- _GOAL OF THE EXERCISE_:
Return the entries below in their exact form, leaving the pictures out.

Saved entries:
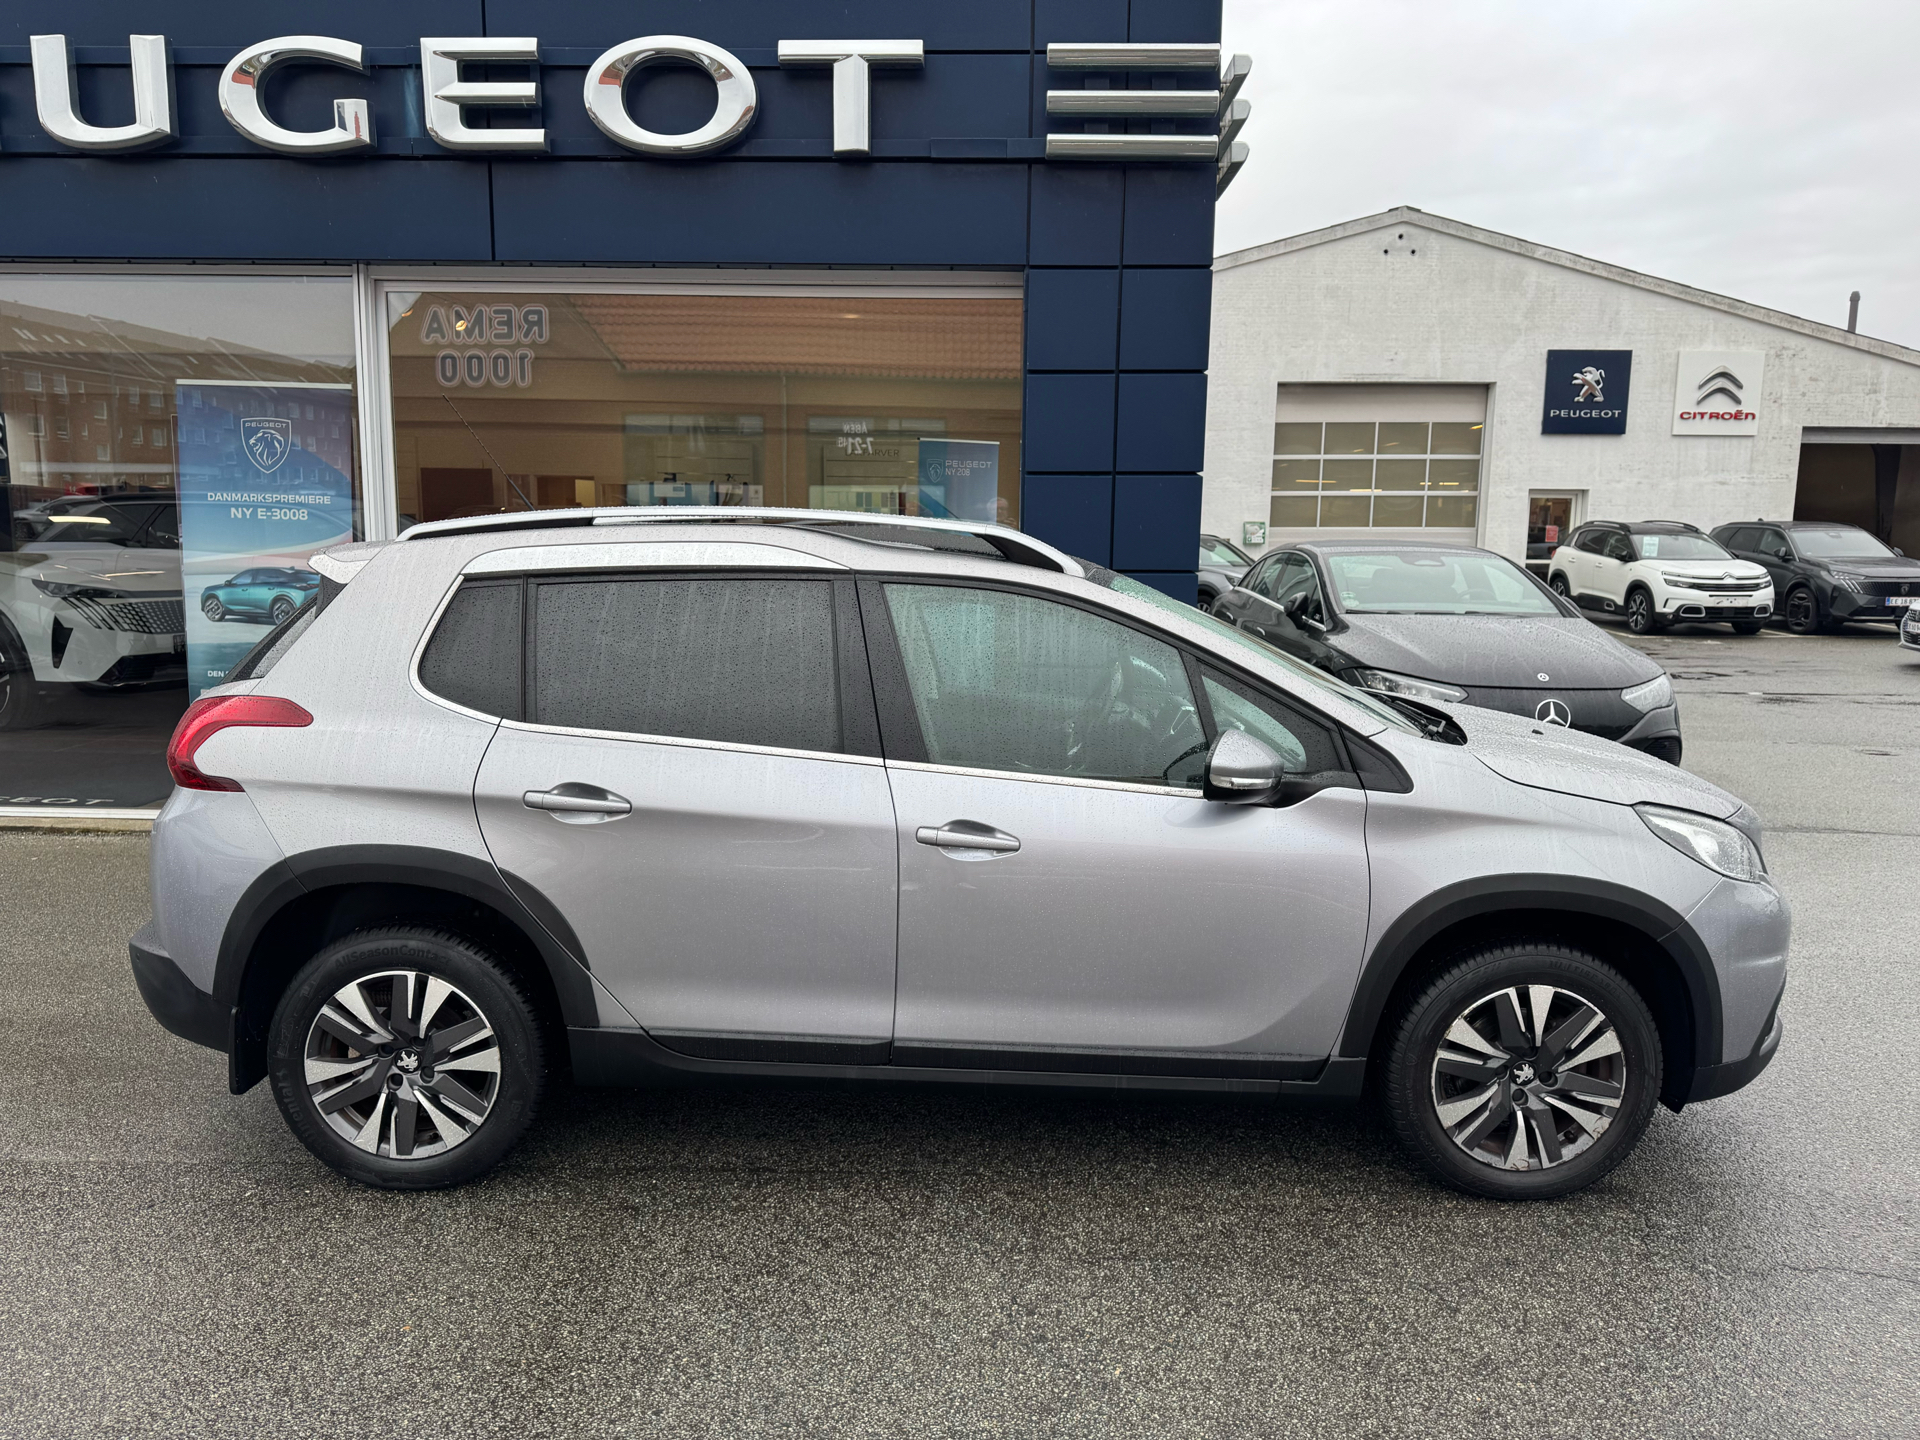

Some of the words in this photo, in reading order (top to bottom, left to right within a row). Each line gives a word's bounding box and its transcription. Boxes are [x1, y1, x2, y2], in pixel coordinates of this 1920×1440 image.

[0, 33, 925, 156] UGEOT
[1550, 409, 1622, 419] PEUGEOT
[945, 460, 992, 469] PEUGEOT
[945, 468, 956, 476] NY
[957, 468, 971, 476] 208
[207, 492, 331, 504] DANMARKSPREMIERE
[230, 507, 253, 519] NY
[257, 508, 308, 520] E-3008
[207, 670, 225, 678] DEN

- _OUTPUT BELOW_:
Some of the words in this photo, in reading order (top to bottom, left to right within a row). Each line gives a word's bounding box and its transcription. Boxes are [x1, y1, x2, y2], in pixel coordinates of this 1920×1440 image.

[0, 33, 925, 156] UGEOT
[1550, 409, 1622, 419] PEUGEOT
[945, 460, 992, 469] PEUGEOT
[945, 468, 956, 476] NY
[957, 468, 971, 476] 208
[207, 492, 331, 504] DANMARKSPREMIERE
[230, 507, 253, 519] NY
[257, 508, 308, 520] E-3008
[207, 670, 225, 678] DEN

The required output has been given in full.